Saturday, May 31, 2014

In fantasy novels

My favorite, traditional, straight up, post Tolkien and pre Tolkien, but not counting Tolkien, fantasy series is the one that Patrick Rothfuss is currently engaged in writing. It starts with The Name of the Wind and so far runs through a second book that I am just finishing rereading, Wise Man's Fear. I love these charming, inventive and endlessly entertaining and even occasionally wise books. I don't recommend much on this blog, or, er, well, actually, I do every once in awhile recommend an occasional, uh, hmm, well, no, I recommend things pretty much all the time on this blog. But I am not here to recommend anything. I am setting the stage to talk about libraries.

The Name of the Wind (and its sequel) has a library in it. It is a fabulous, fantasy novel, Great University Library, a confection of a library. It is a maze with its own rules, an elaborate feeling of history, and a nice strong sense of reality to it. People in charge of the library, over time, have tried to establish a grand organizational system for this deep, rich library, but the reinvention of the wheel, organizational factionalism, and the sheer number of volumes have left great chunks of the library functionally lost. It is a library where much can be intentionally found, it is organized, but it is also a library where many things can only be dug up by deep searching, chance, perseverance, and luck.

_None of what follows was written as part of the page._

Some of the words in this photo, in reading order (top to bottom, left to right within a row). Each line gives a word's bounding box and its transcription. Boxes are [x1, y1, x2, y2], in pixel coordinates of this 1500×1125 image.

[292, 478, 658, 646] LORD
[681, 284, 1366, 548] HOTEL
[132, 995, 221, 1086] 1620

It is not much like my library.

My library is neat, strongly organized by a coherent and mostly consistent set of organizational rules, and not terribly big, particularly when it comes to book storage. The rows are neat and plain, and we weed, all the time. A few years ago we had a great expansion at my library, but we expanded our space for everything but books. We were a bit skeptical about the future of books. And so now it is pretty much the case that for what we get new, some old must go. Uncirculating materials are the low hanging fruit here. We pick those and sell them off. And our collection is lean and popular and neat and everything is wanted and findable.

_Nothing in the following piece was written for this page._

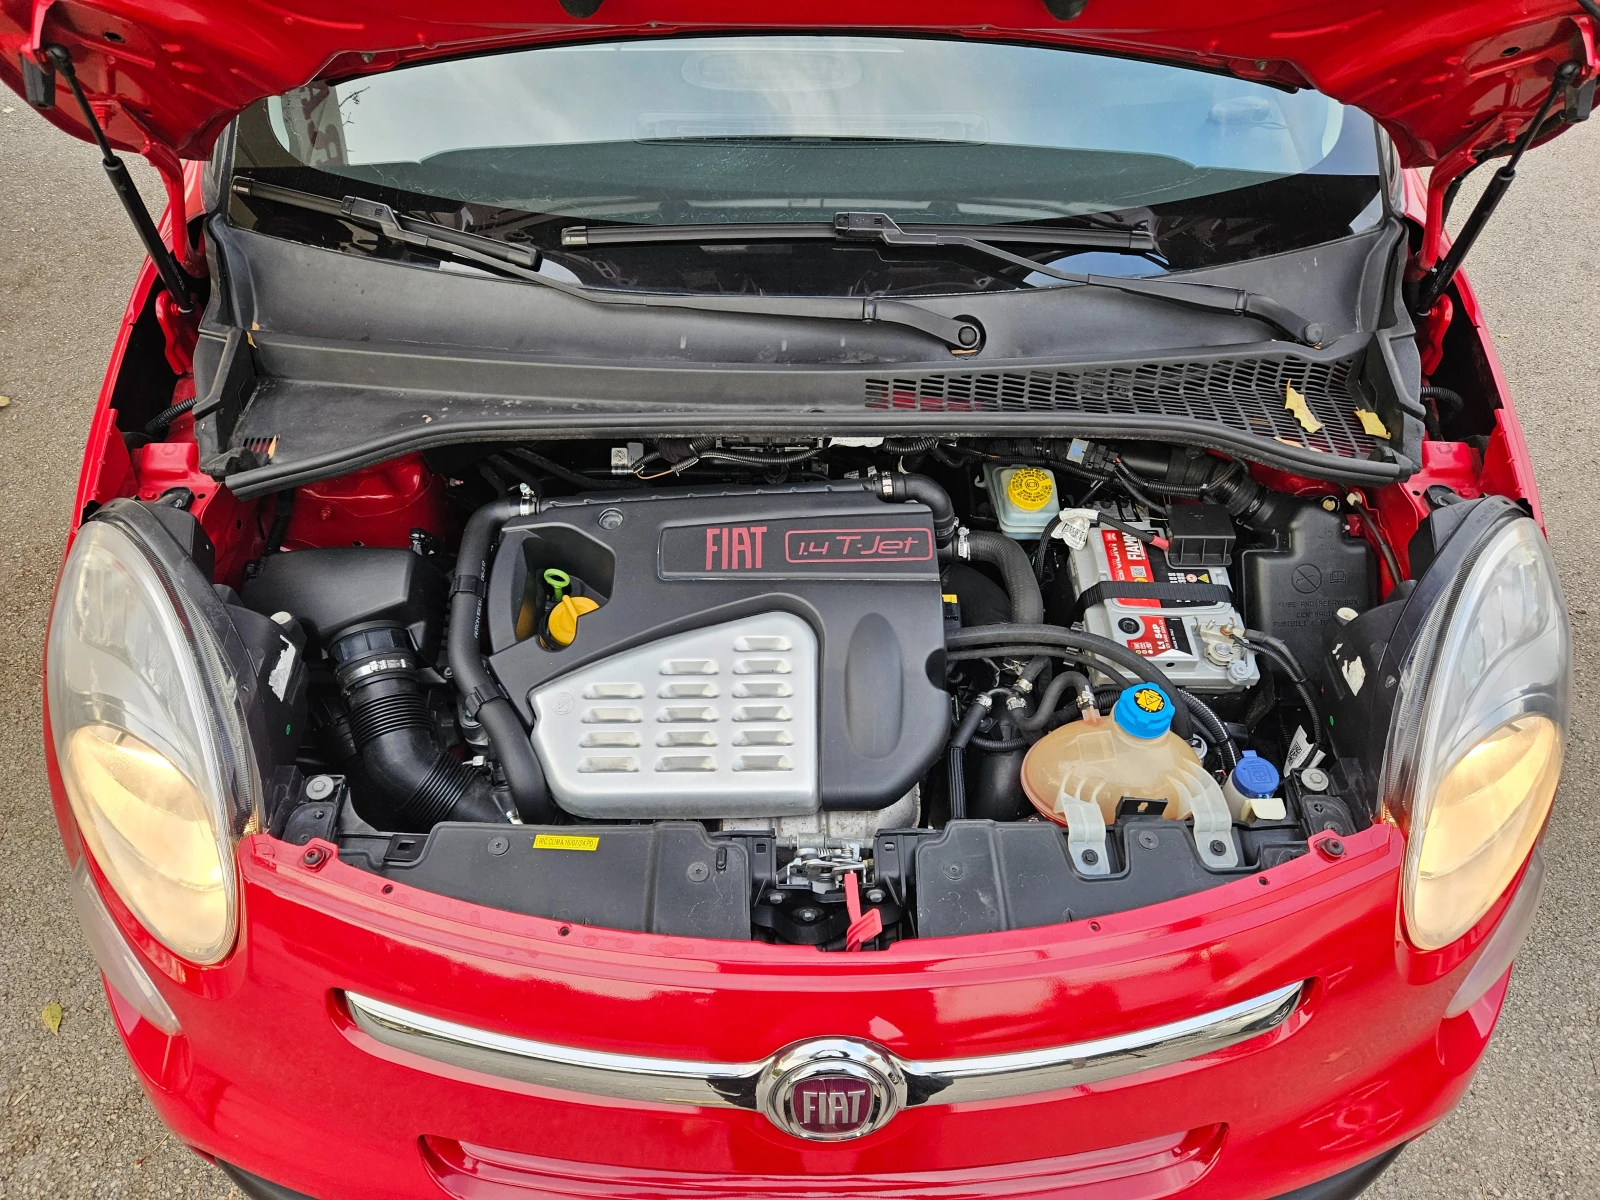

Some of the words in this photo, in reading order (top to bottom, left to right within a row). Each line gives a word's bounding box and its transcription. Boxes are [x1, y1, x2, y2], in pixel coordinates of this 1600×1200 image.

So it is the strangest thing that even though my bright, popular, public library is nothing like Patrick Rothfuss's great, clever, thousands year old library, it is, nevertheless, amazingly like it. Despite not being much more than 50 years old, in my library strange old things resist purges and cling like marvelous barnacles to deep parts of the stacks. Books one cannot begin to imagine surviving one weeding purge, let alone dozens over the years, appear from the thin air to taunt prospective readers. Five year old novels emblazoned with the praise of the most significant purveyors of a mighty culture rest profoundly forgotten on the shelves. The stacks are lit and even, the books cataloged and vetted, and yet if one ventures into them the density can become almost immediately overwhelming, the most willful purpose can be lost, and the strange and unexpected will dizzy you.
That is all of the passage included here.